* Exercise details:
Every line of the material should be output exactly as written.

━━ Task data ━━

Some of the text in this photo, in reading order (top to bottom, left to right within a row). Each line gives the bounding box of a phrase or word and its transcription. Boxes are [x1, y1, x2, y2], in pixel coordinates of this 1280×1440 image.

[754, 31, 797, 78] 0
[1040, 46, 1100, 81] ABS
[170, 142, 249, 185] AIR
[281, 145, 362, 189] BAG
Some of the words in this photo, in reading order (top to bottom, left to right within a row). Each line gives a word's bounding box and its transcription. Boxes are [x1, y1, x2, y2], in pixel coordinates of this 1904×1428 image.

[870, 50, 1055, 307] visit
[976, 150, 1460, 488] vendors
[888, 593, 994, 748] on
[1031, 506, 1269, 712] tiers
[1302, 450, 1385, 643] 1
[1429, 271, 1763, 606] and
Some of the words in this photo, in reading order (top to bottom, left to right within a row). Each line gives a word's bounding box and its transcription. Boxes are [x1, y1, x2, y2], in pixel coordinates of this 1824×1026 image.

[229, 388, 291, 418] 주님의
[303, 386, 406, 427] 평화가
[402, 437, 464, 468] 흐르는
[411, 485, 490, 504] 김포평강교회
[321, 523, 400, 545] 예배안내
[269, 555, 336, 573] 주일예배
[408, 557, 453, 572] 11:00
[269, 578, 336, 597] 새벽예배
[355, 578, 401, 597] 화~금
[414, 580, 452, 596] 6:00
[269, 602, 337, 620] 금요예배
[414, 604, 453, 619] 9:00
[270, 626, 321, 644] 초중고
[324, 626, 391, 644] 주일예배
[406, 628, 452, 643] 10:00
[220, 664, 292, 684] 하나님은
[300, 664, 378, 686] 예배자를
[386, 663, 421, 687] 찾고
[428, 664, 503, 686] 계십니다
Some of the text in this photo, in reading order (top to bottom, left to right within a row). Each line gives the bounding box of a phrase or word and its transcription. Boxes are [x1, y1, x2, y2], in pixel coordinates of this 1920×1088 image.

━━━

* Written response:
Some of the text in this photo, in reading order (top to bottom, left to right within a row). Each line gives the bounding box of a phrase or word and its transcription. Boxes are [x1, y1, x2, y2], in pixel coordinates of this 1280×1440 image.

[754, 31, 797, 78] 0
[1040, 46, 1100, 81] ABS
[170, 142, 249, 185] AIR
[281, 145, 362, 189] BAG
Some of the words in this photo, in reading order (top to bottom, left to right within a row). Each line gives a word's bounding box and its transcription. Boxes are [x1, y1, x2, y2], in pixel coordinates of this 1904×1428 image.

[870, 50, 1055, 307] visit
[976, 150, 1460, 488] vendors
[888, 593, 994, 748] on
[1031, 506, 1269, 712] tiers
[1302, 450, 1385, 643] 1
[1429, 271, 1763, 606] and
Some of the words in this photo, in reading order (top to bottom, left to right within a row). Each line gives a word's bounding box and its transcription. Boxes are [x1, y1, x2, y2], in pixel coordinates of this 1824×1026 image.

[229, 388, 291, 418] 주님의
[303, 386, 406, 427] 평화가
[402, 437, 464, 468] 흐르는
[411, 485, 490, 504] 김포평강교회
[321, 523, 400, 545] 예배안내
[269, 555, 336, 573] 주일예배
[408, 557, 453, 572] 11:00
[269, 578, 336, 597] 새벽예배
[355, 578, 401, 597] 화~금
[414, 580, 452, 596] 6:00
[269, 602, 337, 620] 금요예배
[414, 604, 453, 619] 9:00
[270, 626, 321, 644] 초중고
[324, 626, 391, 644] 주일예배
[406, 628, 452, 643] 10:00
[220, 664, 292, 684] 하나님은
[300, 664, 378, 686] 예배자를
[386, 663, 421, 687] 찾고
[428, 664, 503, 686] 계십니다
Some of the text in this photo, in reading order (top to bottom, left to right within a row). Each line gives the bounding box of a phrase or word and its transcription. Boxes are [x1, y1, x2, y2], in pixel coordinates of this 1920×1088 image.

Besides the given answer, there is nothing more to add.